経絡のバランスを整えることにより、自然治癒力や免疫力などの生命力を高める

鍼灸には様々な流派があります。

筋肉や関節などに起こる不調に対して、筋肉に深く刺し、刺激を与えて回復をはかったり、症状を聞いてその症状に効くツボに鍼をする西洋医学的な鍼灸。いわゆる対症療法的な刺激ばりでは、病気の原因を取り除くのではなく、病気によって現れた表面的な症状を一時的に和らげたり、なくしたりしています。現在の日本ではこのような鍼灸院が数多くあります。

それに対して、東洋医学的な考えのもとに治療をしている経絡治療や中医学などの流派があります。

東洋医学的な考えの鍼灸では、“気”の概念があります。“気”とは生命エネルギーであり、身体の様々な経絡を巡っており、“気”の流れが悪くなると経絡のバランスが崩れ、病気になりやすくなります。

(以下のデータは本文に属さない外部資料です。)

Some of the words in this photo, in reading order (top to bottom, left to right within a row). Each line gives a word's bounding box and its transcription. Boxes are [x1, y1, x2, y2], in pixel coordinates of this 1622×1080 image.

経絡イメージ東洋医学的な考えの鍼灸では、“望聞問切(ぼうぶんもんせつ)”という診察法を使って、患者一人ひとりの病の根本原因(経絡の乱れ)を探り出し、その原因となる要素(“気”の流れ)にアプローチして病の根本原因を取り除き、本来の元気な状態にすることによって症状の改善を図っています。

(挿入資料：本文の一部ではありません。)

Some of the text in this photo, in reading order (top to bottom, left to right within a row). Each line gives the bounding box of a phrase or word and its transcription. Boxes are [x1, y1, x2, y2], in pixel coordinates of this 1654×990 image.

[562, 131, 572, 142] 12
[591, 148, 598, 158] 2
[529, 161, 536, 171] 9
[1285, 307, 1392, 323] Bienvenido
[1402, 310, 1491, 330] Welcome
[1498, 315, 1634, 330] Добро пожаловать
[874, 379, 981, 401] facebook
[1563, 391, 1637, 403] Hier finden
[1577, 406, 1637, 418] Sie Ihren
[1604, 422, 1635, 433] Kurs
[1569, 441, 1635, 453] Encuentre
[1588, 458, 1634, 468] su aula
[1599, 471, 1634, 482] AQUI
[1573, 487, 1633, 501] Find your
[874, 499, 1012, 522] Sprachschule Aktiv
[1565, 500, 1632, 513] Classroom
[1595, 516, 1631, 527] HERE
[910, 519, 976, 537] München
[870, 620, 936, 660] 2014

経絡のバランスの崩れにより病気が生まれ、その結果様々な症状を引き起こしている状態を、生命力を高めることによって、心身をもとの元気な状態に戻すことを治療の目的としています。

今打った鍼が身体にどのような影響を与えているのか、即座にわかる

東洋はり医学会では「脉診流経絡治療」という治療法を採用していますが、実はここまでは他の東洋医学的な考えの流派と同じなのです。

今行った治療がいい治療だったのだろうか?
治療の方針を見直す必要があるのか?
・・・これらを知る方法があったら良いと思ったことはありませんか?

「いい治療ができたか」はどこで知るのでしょうか。患者さんが次に来た時の患者さんの言葉からですか?

東洋はり医学会の「脉診流経絡治療」は、初学者でも鍼をした後の脈や腹部の状態を把握することによって、「今行った治療が良い治療だったのか」「不適切な治療だったのか、何がいけなかったのかがわかる」技術を身につけることができます。

脉診流経絡治療鍼をすると身体全体に影響があることは鍼灸師の方であればご存知であると思います。その身体への影響を脉診を通して鍼をした後に把握することができるのが、「脉診流経絡治療」の優秀性です。

「脉診流経絡治療」では、“今の一本の鍼”が身体にどのような影響を与えているのか、脈や腹部で確認し、その変化に即座に細やかに対応することができます。

これによって一人ひとりの患者さんに対するオーダーメイドの東洋医学的治療の良さと、治療家が主体的に治療を進めていける「脉診流経絡治療」ならではの優秀性が融合して、高い治療効果を出すことができます。

脉診の習得には長い時間が必要と思われがちですが、本会の50年以上の指導実績により、初心者でも脉診を使った経絡治療の習得が可能です。

ベテランの鍼灸師でないと東洋医学的な治療はできない、治せないということはありません。

本会3年間のカリキュラムを修学されれば、必ず一人前の「脉診流経絡治療」家となることができるのです。